Curaçao: un cuore grandissimo in un’isola piccolissima

Offside! Curaçao è un’isola del Mar dei Caraibi, una perla di appena 444 km quadrati, di lingua, cultura e politica olandese ma con forti tradizioni caraibiche e che risente delle influenze di Spagna e America Latina.

Il nome Curaçao, secondo una delle ipotesi legate ai primi navigatori portoghesi a frequentare l’isola, significherebbe appunto “Cuore” o “Cuoricino“. E nel cuore di quest’isola pulsa Willemstad, il cui lungomare turistico è fatto da case color pastello e condomini tipici di città industriali, il giusto mix tra una Manchester caraibica e una Livorno latina.

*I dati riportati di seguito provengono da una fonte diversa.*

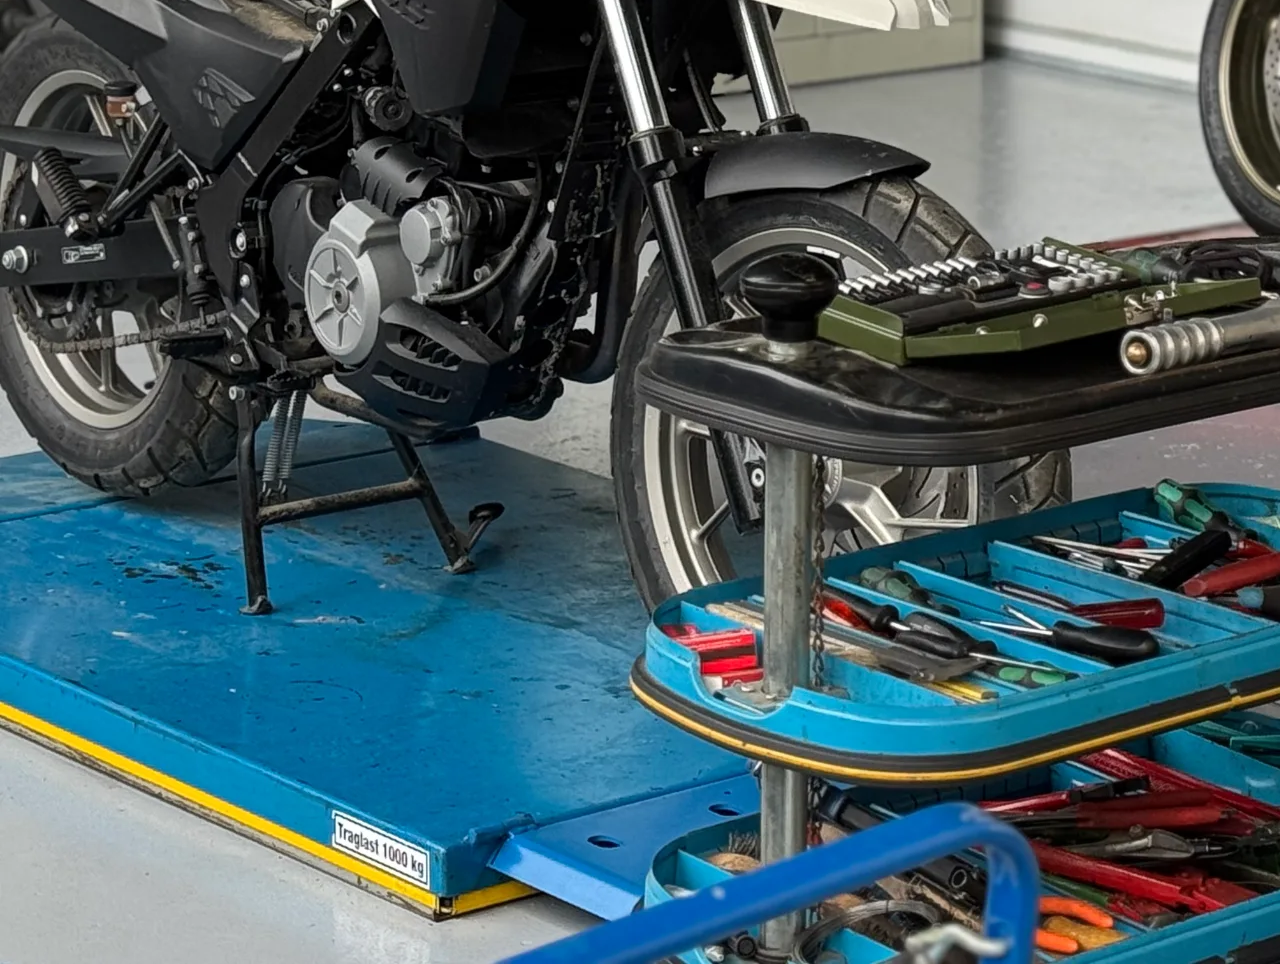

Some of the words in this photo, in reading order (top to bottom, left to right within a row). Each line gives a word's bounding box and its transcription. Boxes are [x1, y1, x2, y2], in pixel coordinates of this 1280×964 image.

[338, 822, 379, 855] Traglast
[383, 843, 408, 868] 1000
[411, 854, 424, 878] kg
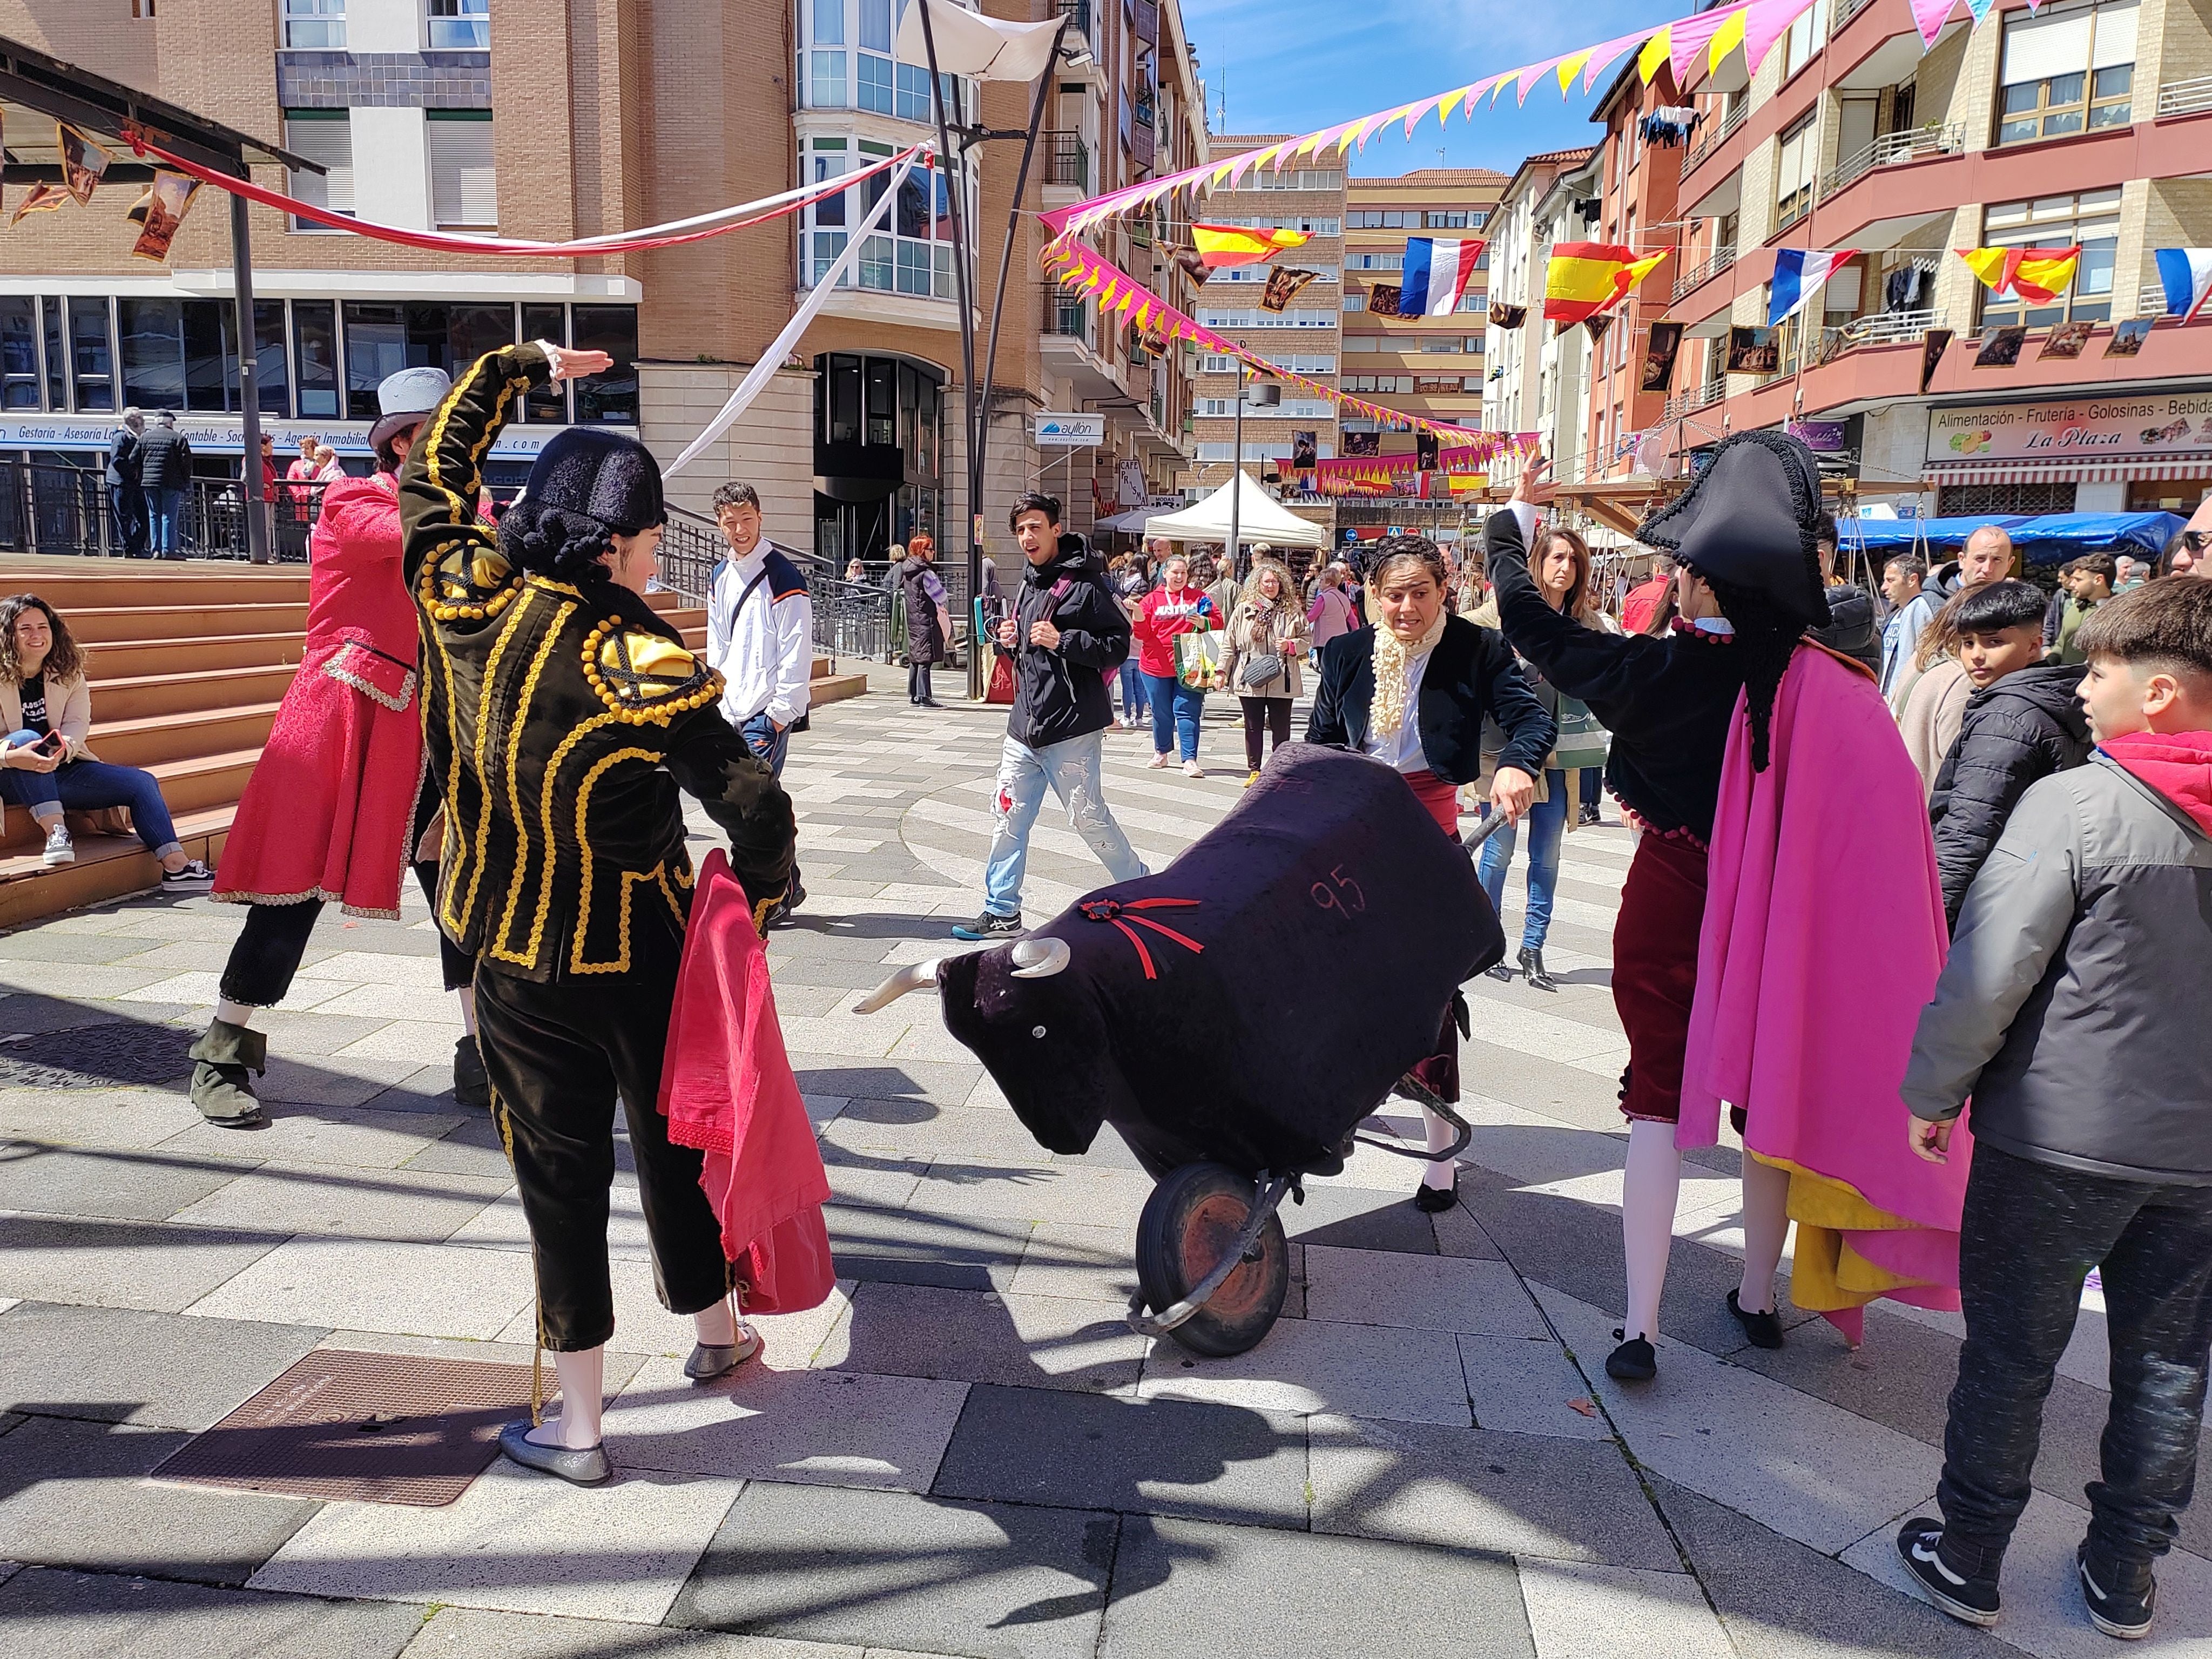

Ma se quel “cuoricino” è nel nome dell’isola, il cuore grande l’hanno messo in campo i suoi ragazzi: ieri c’è stato l’esordio al Mondiale, prima volta per un paese costitutivo del Regno dei Paesi Bassi, e come preventivato la differenza è stata netta: una Germania troppo superiore, ma a tratti addirittura rinunciataria, rifila 7 reti alla giovanissima nazionale, eppure al gol del momentaneo 1-1 dell’ex Juventus Next Gen Livano Comenencia c’è stato un boato incredibile.

Allo stadio di Houston c’erano infatti circa 6000 tifosi di Curaçao, che nonostante la batosta subita erano lì festanti, gioiosi, felici di aver vissuto un Mondiale, e poco importa se quella squadra di ragazzi, perlopiù olandesi che di mestiere fanno altro, andrà fuori al primo turno magari con 0 punti: loro ad essere lì hanno già vinto… e allora viva Curaçao, il loro scuolabus azzurro e la loro voglia di fare festa.